There is a large potential in Europe for optimization in valorization of crop biomass in the vegetable food supply chain. For example, there is occasionally overproduction of tomatoes for fresh consumption, and a fraction of the production is unsuited for fresh consumption sale (unacceptable color, shape, maturity, lesions, etc.). These tomatoes are normally destroyed and used as landfilling or animal feed, which represents an economic loss for producers and negative environmental impact. In Norway and Belgium, this surplus/waste fraction amounts to about 200 (Unpublished data from Rennesøy Tomat & Fruktpakkeri AS (2012), the biggest tomato packaging station in Norway) and 500 tons per year [5], respectively. A conservative estimate of € 4 per kg price increase for this raw material will thus yield a potential of 0.8 and 2.0 million € per year, respectively, for Norway and Belgium alone. Besides overproduction, part of the tomatoes produced in the greenhouse might not reach the market because they do not reach the local market standards. This can be due to cosmetic defects such as color, shape, size, etc.

Additionally, there is loss of fresh tomato at the retailer’s level. In Norway, the general retailer loss is 10% for cluster tomatoes, 3–6% for single retail (“ordinary round”) tomatoes, and approximately 1% for cherry tomatoes, but it can be substantially higher in the peak of the growing season [6]. In the case of Norway, assuming a mean loss at retailers level of 5%, and that this loss can be halved by improved market regulation, there is a value increasing potential of a further 0.8 million € per year, again with a conservative price estimate of € 4 per kg. It is assumed that the total loss fraction is approximately the same in the other European countries, implying a much higher value potential in countries producing more tomatoes than Norway, considering that Norway is indeed a small tomato producer by European standards (Supplementary Table S1). An estimate for the total European market, based on a total waste fraction assuming a 15% waste in the tomato processing industry (including what is left in the field), and 5% waste in fresh market tomato, the waste fraction amounts to 3 million metric tons per year (Supplementary Table S1). The tomato processing waste quantities worldwide in 2010 was estimated to be between 4.3 and 10.2 million metric tons [7]. Based on this, it is beneficial to develop processing technology for the best possible utilization of this resource to improve economic sustainability of tomato production.

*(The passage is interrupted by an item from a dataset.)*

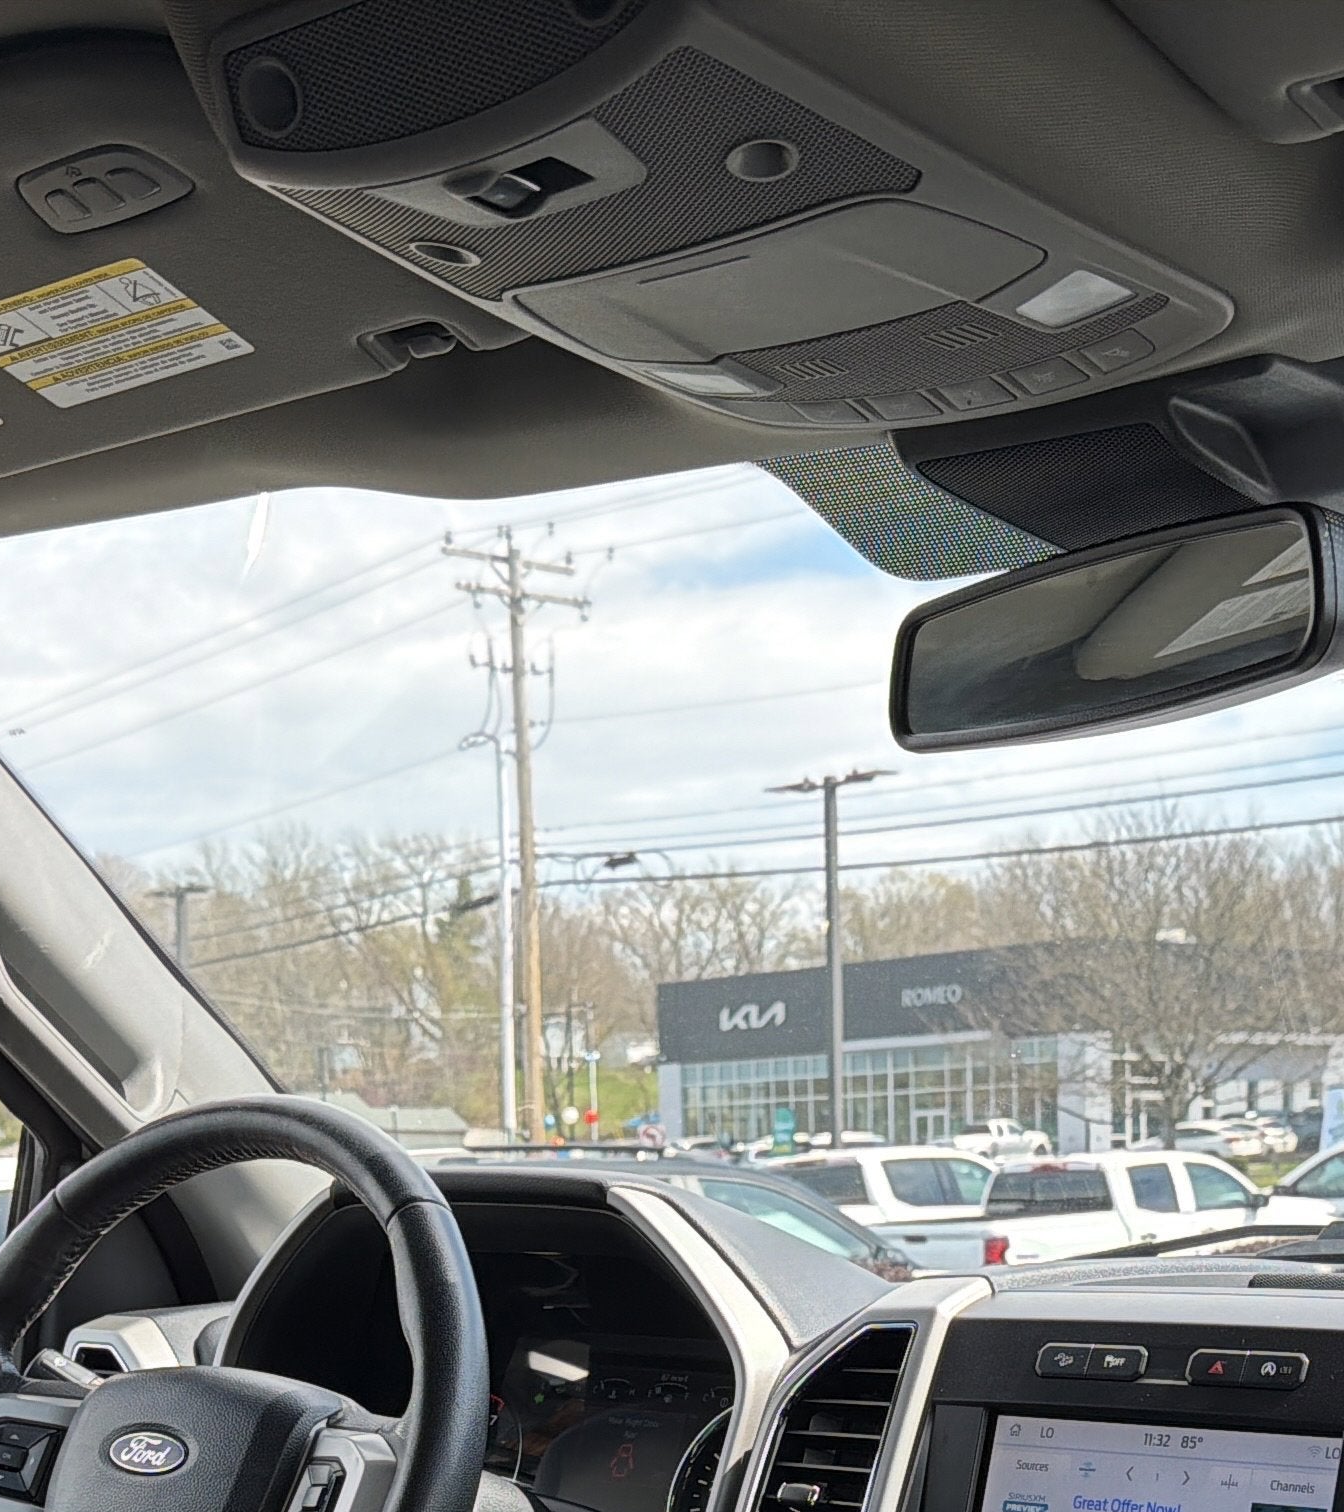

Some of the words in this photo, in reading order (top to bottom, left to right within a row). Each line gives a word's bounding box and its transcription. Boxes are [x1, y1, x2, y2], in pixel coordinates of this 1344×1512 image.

2. Tomato Production in Norway, Belgium, Poland and Turkey

2.1. Norway

Tomato production in Norway has been stable for the last 15 years with volumes between 9000 and 12,000 tons per year. Ninety percent of the production takes place in the county of Rogaland, on the southwest coast. Practically all tomatoes produced in Norway are destined for the domestic fresh market. The production is costly because the Norwegian climate necessitates the use of heated glass houses and artificial light for year-round production. Because of the high production costs, Norwegian tomatoes have traditionally not been subject to processing. Recently, some tomato farmers have found ways to alleviate the energy expenses by innovative solutions. One example of this is the ‘Miljøgartneriet’ which can be translated as ‘the Environmental plant nursery’ [8]. This glass house was built in 2010, covers 77,000 m2, and employs 70–85 workers in the high season. The innovations consist of amongst others the use of surplus CO2 and warm wastewater from a nearby dairy plant for plant feed and heating, respectively. Combined with other energy-efficient solutions in the construction of the glass house and recirculation of water, the production becomes more sustainable and with a low carbon footprint. An optimized year-round cultivation system achieved a yield of over 100 kg m−2 in commercial production, with an estimated maximum potential of 125–140 kg m−2 [9]. In Norway, the surplus fraction resulting from high-season overproduction amounts to 200 tons per year, corresponding to approximately 2% of total production. Total waste, i.e., combined with the waste at the retailer level and in the greenhouses, is estimated at ~6%. One of the main reasons for waste at the retailer level was found to be due to packaging. Comparing packaged cluster tomatoes to loose, unpacked single tomatoes revealed, contrary to expectation, that the former had significantly more wastage [6]. It was speculated that this was because packaging may lead to condensation and subsequent growth of molds. Therefore, packaging of warm tomatoes should be avoided [6]. Temperature abuse during transport and in the stores was also considered as main factors leading to waste [6].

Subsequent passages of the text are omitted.